Не так давно прошла супертриумфальная выставка Олега Целкова в Доме архитектора: ее закрыли через 15 минут! Ее опечатали прежде, чем автор, опоздавший к началу вернисажа, успел приехать на место. Ему кисло сообщил организатор выставки:

— Ко мне сейчас подошел человек с красной книжечкой и сказал, что если я не потушу в зале свет, завтра могу на работу не приходить.

— Тушите свет, зачем вам терять работу…

А ведь Бродский, ни в чем не согласный с Евтушенко, говорит то же самое: «Олег Целков — самый выдающийся русский художник-нонконформист всего послевоенного периода». Значит, есть точки соприкосновения?..

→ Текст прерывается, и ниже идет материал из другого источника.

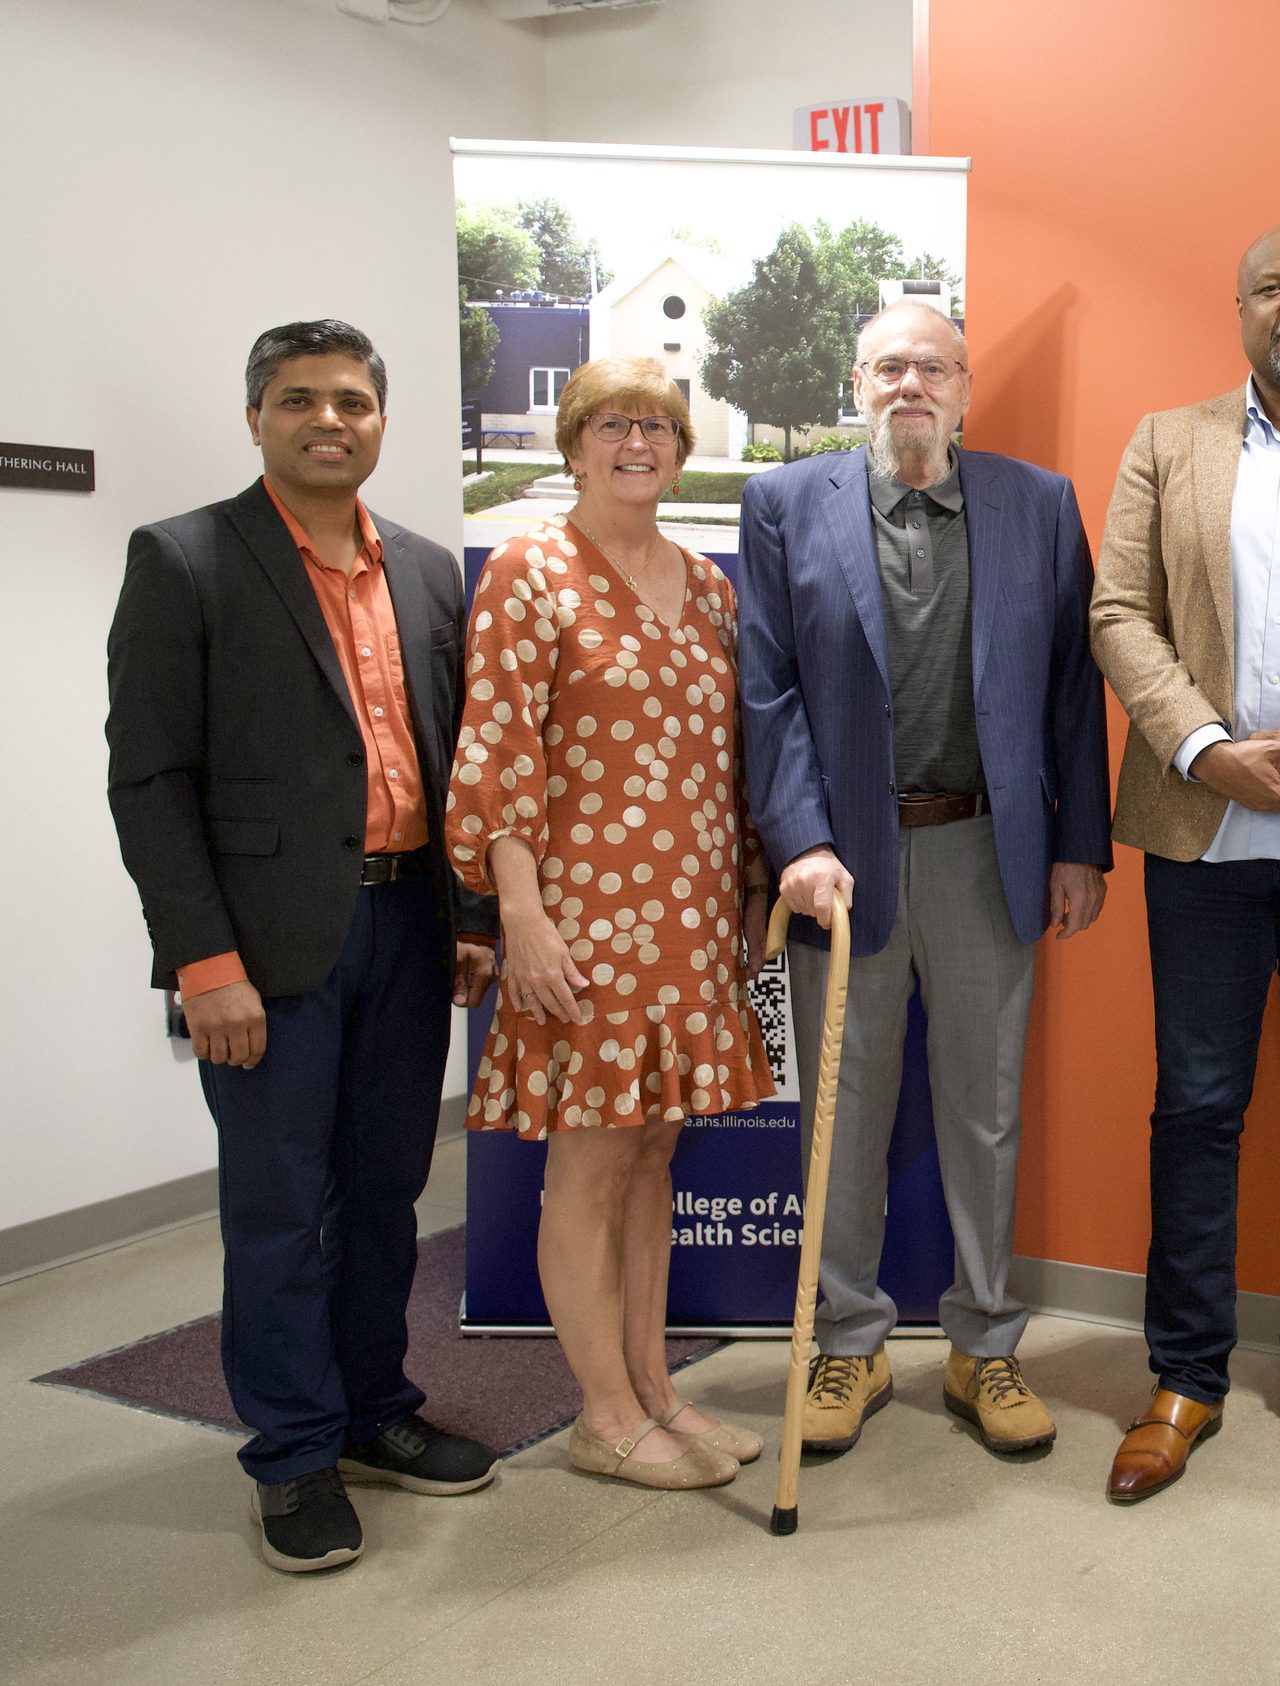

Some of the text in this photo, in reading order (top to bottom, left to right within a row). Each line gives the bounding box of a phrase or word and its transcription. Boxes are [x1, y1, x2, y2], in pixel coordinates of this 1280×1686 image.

[810, 102, 884, 154] EXIT
[56, 461, 87, 474] HALL
[672, 1191, 806, 1221] llege of A

Евтушенко не назвал имени японки, о которой написал, сохранилось лишь ее фото. Сюжет напоминает рождественскую сказку: победа добра над недобротой мира, падает снег, и все счастливы. Жена в лоне буржуазной семьи, отягощенной тысячелетними традициями мужской гегемонии, восстает против порядка вещей при помощи открывшегося в ней художественного дарования. К ней приходит признание, и женщины, сплотясь вокруг нее, образуют чуть не политическую партию. У автора достаточно иронии, чтобы не впасть в апологетику женского восстания. Он пишет лирику в рамках поэмы, которую можно при желании назвать и новеллой, если не повестью: Евтушенко отказывается от рифмы и метра. Стихи напоминают ритмизованную прозу Андрея Белого, в основе — дольник на основе трехсложника: анапеста или амфимбрахия. Что-то вроде матери Митицуны (X век) в переводе Веры Марковой:

Ужель вновь прибыла вода?

Я вижу, тень его упала…

Спрошу ли о былом?

Но густо травы разрослись

И прежний образ замутили.

Часто прибегая к инверсиям, поэт таким образом показывает на стиховую природу своего текста:

Машина домой возвращалась уже на рассвете,

устав, как набегавшаяся собака,

и если бы шкура ее не была полированной,

на ней бы висели колючки кустарника жизни ночной.

Или:

…к тергалю пристал волосок натурального парика

из Южной Кореи,

а также и то, что на левой манжете нет

одного из двух солнц восходящих.

Это, конечно, язык поэзии. Проза так не говорит. Евтушенко — неизвестно, в какой мере намеренно, — производит опыт перевода малых форм, исконных жанров японской поэзии в нечто вроде гиперхокку или гипертанка, оставляя ее дух и тональность:

Она направилась в детскую, поцеловала

три черных головки, пахнущих мылом и сном,

и на вопрос, где она пропадала так долго,

ответила:

«Слушала в поле свирель».

Действительно, это сказано по-японски: «Слушала в поле свирель». Похоже на строку хокку.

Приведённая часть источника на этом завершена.